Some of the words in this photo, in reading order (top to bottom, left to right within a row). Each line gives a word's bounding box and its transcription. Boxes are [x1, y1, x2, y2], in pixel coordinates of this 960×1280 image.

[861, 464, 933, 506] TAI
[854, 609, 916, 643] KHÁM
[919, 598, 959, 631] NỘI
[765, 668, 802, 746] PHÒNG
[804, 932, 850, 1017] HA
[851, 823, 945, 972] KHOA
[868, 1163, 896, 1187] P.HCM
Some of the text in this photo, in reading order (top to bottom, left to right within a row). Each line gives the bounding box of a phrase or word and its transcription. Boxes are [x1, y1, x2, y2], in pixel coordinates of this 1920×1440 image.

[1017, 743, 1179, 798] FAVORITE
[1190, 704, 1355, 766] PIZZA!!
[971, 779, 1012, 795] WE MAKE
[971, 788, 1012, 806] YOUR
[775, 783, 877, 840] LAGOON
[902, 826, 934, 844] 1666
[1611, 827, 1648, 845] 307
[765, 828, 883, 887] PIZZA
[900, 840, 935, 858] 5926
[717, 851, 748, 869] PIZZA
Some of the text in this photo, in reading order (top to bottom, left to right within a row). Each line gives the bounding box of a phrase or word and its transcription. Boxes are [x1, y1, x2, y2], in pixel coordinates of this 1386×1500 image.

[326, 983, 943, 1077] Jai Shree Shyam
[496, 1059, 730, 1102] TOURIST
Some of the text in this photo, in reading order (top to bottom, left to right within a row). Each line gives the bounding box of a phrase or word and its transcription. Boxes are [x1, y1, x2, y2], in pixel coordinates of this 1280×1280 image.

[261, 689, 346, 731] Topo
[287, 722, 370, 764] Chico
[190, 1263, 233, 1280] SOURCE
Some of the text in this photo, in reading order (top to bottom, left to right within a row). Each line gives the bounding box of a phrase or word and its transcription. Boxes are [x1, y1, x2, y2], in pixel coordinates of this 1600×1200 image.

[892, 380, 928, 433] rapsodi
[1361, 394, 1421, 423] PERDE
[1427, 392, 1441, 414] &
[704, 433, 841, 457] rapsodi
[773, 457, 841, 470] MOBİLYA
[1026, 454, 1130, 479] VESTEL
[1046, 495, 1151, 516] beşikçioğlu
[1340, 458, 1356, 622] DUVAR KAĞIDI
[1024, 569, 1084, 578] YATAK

Aim of the task
The whole listing is needed again, word for word.

Problem solution
Some of the words in this photo, in reading order (top to bottom, left to right within a row). Each line gives a word's bounding box and its transcription. Boxes are [x1, y1, x2, y2], in pixel coordinates of this 960×1280 image.

[861, 464, 933, 506] TAI
[854, 609, 916, 643] KHÁM
[919, 598, 959, 631] NỘI
[765, 668, 802, 746] PHÒNG
[804, 932, 850, 1017] HA
[851, 823, 945, 972] KHOA
[868, 1163, 896, 1187] P.HCM
Some of the text in this photo, in reading order (top to bottom, left to right within a row). Each line gives the bounding box of a phrase or word and its transcription. Boxes are [x1, y1, x2, y2], in pixel coordinates of this 1920×1440 image.

[1017, 743, 1179, 798] FAVORITE
[1190, 704, 1355, 766] PIZZA!!
[971, 779, 1012, 795] WE MAKE
[971, 788, 1012, 806] YOUR
[775, 783, 877, 840] LAGOON
[902, 826, 934, 844] 1666
[1611, 827, 1648, 845] 307
[765, 828, 883, 887] PIZZA
[900, 840, 935, 858] 5926
[717, 851, 748, 869] PIZZA
Some of the text in this photo, in reading order (top to bottom, left to right within a row). Each line gives the bounding box of a phrase or word and its transcription. Boxes are [x1, y1, x2, y2], in pixel coordinates of this 1386×1500 image.

[326, 983, 943, 1077] Jai Shree Shyam
[496, 1059, 730, 1102] TOURIST
Some of the text in this photo, in reading order (top to bottom, left to right within a row). Each line gives the bounding box of a phrase or word and its transcription. Boxes are [x1, y1, x2, y2], in pixel coordinates of this 1280×1280 image.

[261, 689, 346, 731] Topo
[287, 722, 370, 764] Chico
[190, 1263, 233, 1280] SOURCE
Some of the text in this photo, in reading order (top to bottom, left to right within a row). Each line gives the bounding box of a phrase or word and its transcription. Boxes are [x1, y1, x2, y2], in pixel coordinates of this 1600×1200 image.

[892, 380, 928, 433] rapsodi
[1361, 394, 1421, 423] PERDE
[1427, 392, 1441, 414] &
[704, 433, 841, 457] rapsodi
[773, 457, 841, 470] MOBİLYA
[1026, 454, 1130, 479] VESTEL
[1046, 495, 1151, 516] beşikçioğlu
[1340, 458, 1356, 622] DUVAR KAĞIDI
[1024, 569, 1084, 578] YATAK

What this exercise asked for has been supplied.